LEVERAGING A/B TESTING TO DRIVE BUSINESS DECISIONS
By Jude Ndu
Many times we come across words such as A/B testing and one will be wondering what it actually does, what role it has to play in the data science field, and how one can be utilized to propel businesses towards achieving their set goals. In this article, we will walk through the applications of A/B testing and how they can be implemented.
What is A/B testing? A/B testing in simple terms means comparing the variance of two groups to find out which is better. In a broader sense, it is also known as split tests, which are online experiments used to test potential improvements to a website or mobile applications. In the case of a website, two versions of the website are shown to different users- usually the existing website and a potential change. Then the results are analyzed to determine whether the change is an improvement and worth launching. One can test just about anything, which can include, button size, font, color, sales ad, call to action, to name a few. Also, consider a company that produces mobile game applications, and they wish to upgrade their game to a newer version by introducing additional features. In a business context, the producers do not need to enforce this change on their users without having to get feedback concerning how users are reacting to the latest version, else this could lead to a potential loss of users or players churn. And as we know this can be quite a very bad record for a company using such an application to generate revenue. Hence running an A/B test is significant here to help uncover users’ behavior towards such an application.
Steps to Running an A/B Test
As a data scientist or product analyst, it would be imperative to take enough time to plan your A/B testing by first figuring out what you want to test, but in doing so, always remember to place the business problem first. What do I mean by this? No company would want to exhaust all of their entire resources on a task that generates an insignificant result. This, therefore, requires going through the elements of your product to ascertain which is most likely to boost sales or in affiliation with the problem you are trying to solve, once you are certain it’s significant, then that should be tested.
Secondly, ensure that your product has the ability to constantly generate data within a short time window. Consider a website that sells cars. Do you think it’s a good fit for an A/B test? Now car isn’t something people buy very often which may not cause enough traffic to generate sufficient data. It can also lead to skewed data with a long-lasting experiment and no one would want to spend their entire time running an experiment that is less likely to give a reliable result. Therefore, the condition to run an A/B test on such a website is not feasible.

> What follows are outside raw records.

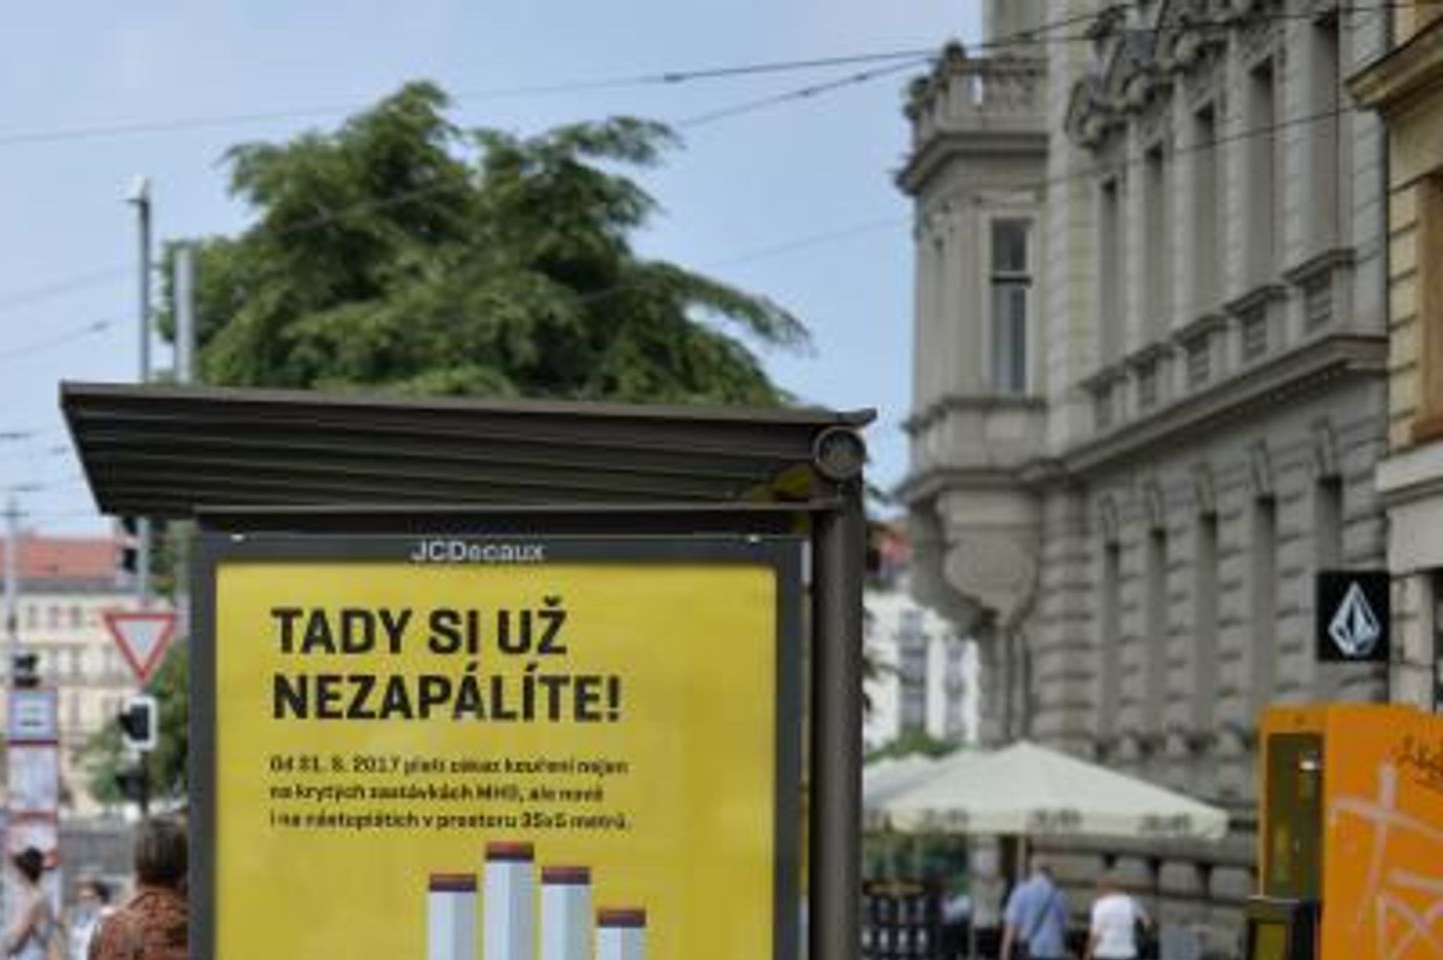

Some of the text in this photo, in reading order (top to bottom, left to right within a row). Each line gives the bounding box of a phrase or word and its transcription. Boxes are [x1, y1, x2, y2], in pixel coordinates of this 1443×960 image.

[411, 540, 545, 563] JCDecaux
[270, 597, 567, 655] TADY SI UŽ
[272, 662, 620, 722] NEZAPÁLÍTE!
[269, 755, 294, 773] Od
[353, 754, 400, 774] 2017
[576, 758, 629, 779] nejen
[295, 783, 365, 804] krytých
[369, 782, 473, 803] zastávkách
[476, 784, 524, 803] MHD,
[422, 814, 434, 828] v
[436, 812, 517, 831] prostoru
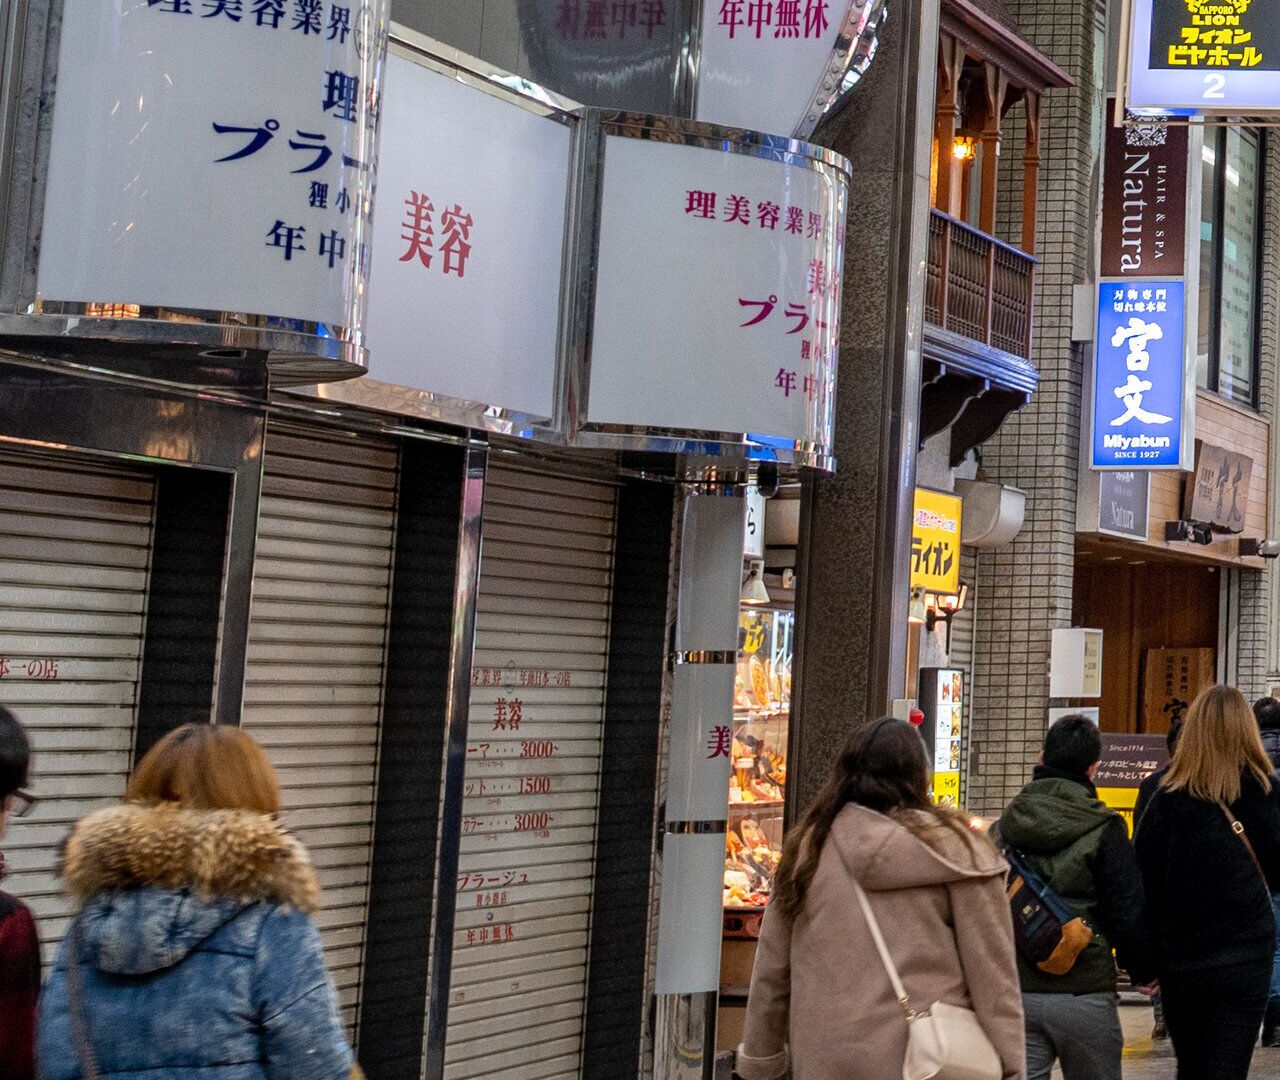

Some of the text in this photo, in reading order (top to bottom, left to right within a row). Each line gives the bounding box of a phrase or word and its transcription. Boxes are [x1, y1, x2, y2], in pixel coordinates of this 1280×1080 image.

[1192, 15, 1240, 26] LION
[1199, 5, 1234, 15] SAPPORO
[1181, 28, 1252, 45] ライオン
[1168, 45, 1263, 67] ビヤホール
[1202, 73, 1226, 99] 2
[1156, 165, 1167, 205] HAIR
[685, 189, 822, 241] 理美容業界
[1120, 152, 1150, 274] Natura
[399, 190, 473, 278] 美容
[1154, 230, 1165, 260] SPA
[1110, 317, 1173, 427] 宮文
[1103, 434, 1170, 448] Miyabun
[1114, 451, 1160, 459] SINCE 1927
[493, 698, 522, 731] 美容
[518, 777, 551, 794] 1500
[467, 923, 513, 947] 年中無休

Thirdly, set up your hypothesis for result testing, but before this, one needs to figure out the exact metrics that need to be evaluated on these hypotheses. Let us take Google for an example. They wish to optimize their web pages by running an A/B test (which isn’t far from the obvious). The goal could be to find out how often users find certain buttons on their web pages by clicking them. And this can be achieved as quickly as possible by getting them down into a funnel or path, either by helping them find exactly what they are looking for or triggering them to click these buttons, which could be a purchase button, sign up button, etc. However, these sets of events are captured and saved to be used as a metric.
How to Define our Metric
Note that, to define your metric here is dependent on the problem you are trying to achieve, but in the case of this website, we start by capturing the total number of visitors on the web page and the total number of users who clicked on a button between the control group(A) and the experimental group(B) after users have been randomly assigned to each group.

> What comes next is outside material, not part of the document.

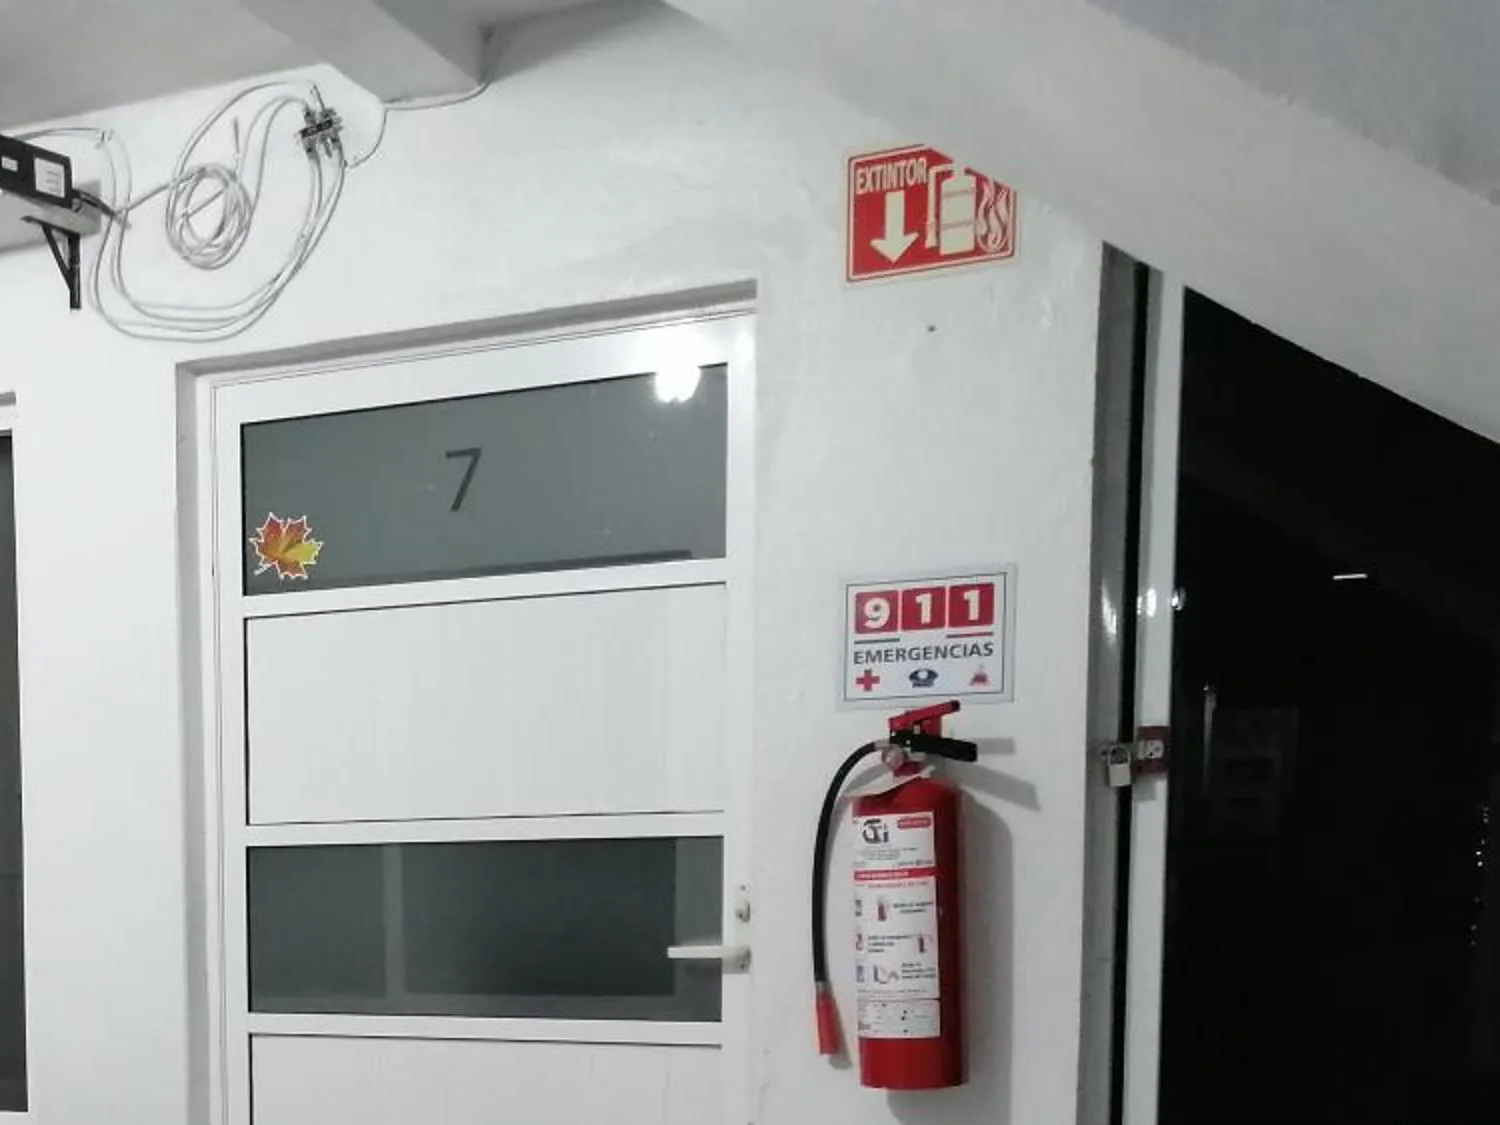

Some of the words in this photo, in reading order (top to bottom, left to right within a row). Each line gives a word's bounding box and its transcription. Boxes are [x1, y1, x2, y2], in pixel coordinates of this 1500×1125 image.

[856, 158, 929, 194] EXTINTOR
[445, 447, 483, 512] 7
[862, 589, 980, 628] 911
[853, 641, 994, 665] EMERGENCIAS

How to Calculate our Result
Once the metrics are set, then we can compare these two groups by generating the estimated probabilities of users who performed these sets of actions on the webpage. We define thus:
p̂con = Xcon ∕ Ncon (estimated probability for the control group-A)
p̂exp = Xexp ∕ Nexp (estimated probability for the experimental group-B)
Where “Xcon” and “Ncon” are the total number of users who clicked on a button in the control group and the total number of users who visited the web page in the control group respectively, the same definition applies to the experimental group. The next thing for us to do is to calculate the estimated difference in probabilities between these two groups. In a hypothesis test, the estimated difference by virtue leads us to either accept or reject the null hypothesis, which could suggest that the population means differ or one is larger than the other, that is, the sample mean difference is statistically significant. We define thus:
d̂ = (Xcon ∕ Ncon ) − (Xexp ∕ Nexp ) = p̂con − p̂exp
The general rule of thumb for accepting or rejecting hypothesis are:
- When the estimated difference equals zero( d̂ =0) or the population mean for both groups is equal (μcon = μexp). We accept the null hypothesis(H0) which means there is no effect in the distribution of both groups. Which is a standard notation for normal distribution and as such, not statistically significant.
- When the estimated difference does not equals zero ( d̂ ≠0) or the population mean for both groups is not equal ( μcon ≠ μexp). In this case, we reject the null hypothesis and accept the alternate hypothesis(H1), thereby going with the conclusion that there is an effect in the distribution of both groups which is statistically significant.
After our hypothesis testing, the obvious next thing for us to calculate is how much larger is this difference. This leads us to the confidence interval which is basically used to estimate the size of the population mean difference. In other to calculate the confidence interval, we will need to calculate the estimated pool probability (sum of the probability ratios of the control and experimental group), standard error, and margin of error. We define thus:
̂Ppool = Xcon + Xexp ∕ Ncon + Nexp
S.E = √ ̂Ppool (1 – ̂Ppool ) ×(1 ∕ Ncon + 1 ∕ Nexp)
M.E = S.E × Z score ( here the value of z-score is gotten from the statistical table at a specified confidence level ).
Now we can define our confidence interval for the lower and upper bound range of values. The lower bound value is given by the estimated difference minus the margin of error, that is d̂ – M.E, and the upper bound is given by the estimated difference plus the margin of error, that is, d̂ + M.E
Interpreting our Result
Once our results are set, our next task would be to analyze, interpret our results and give recommendations based on our results. Once our hypothesis test has shown our result is statistically significant. Great! But not so fast, having a statistically significant result does not necessarily mean that the result is practically significant in the real-world sense of importance. This is where the big player comes in, the confidence interval, that provides us with this range of values for a quick comparison. Ideally, we aim to compare our practical significant value with the statistically significant value which provides us with a decision boundary that can be set as a benchmark for evaluating our result, thus leading us to make statistical decisions that can help drive our business goals. This is achieved by comparing our result lower bound values (d̂ – M.E ) with our practical significant value, which tells us how much of a change we have in our result and whether if the conditions at that significant level are met. While interpreting A/B test result there are:
- Cases where we have a positive outcome at end of our test result, which confirms our hypothesis is significant and proven within our confidence level. In this scenario, it is a big win! and okay to launch our new product.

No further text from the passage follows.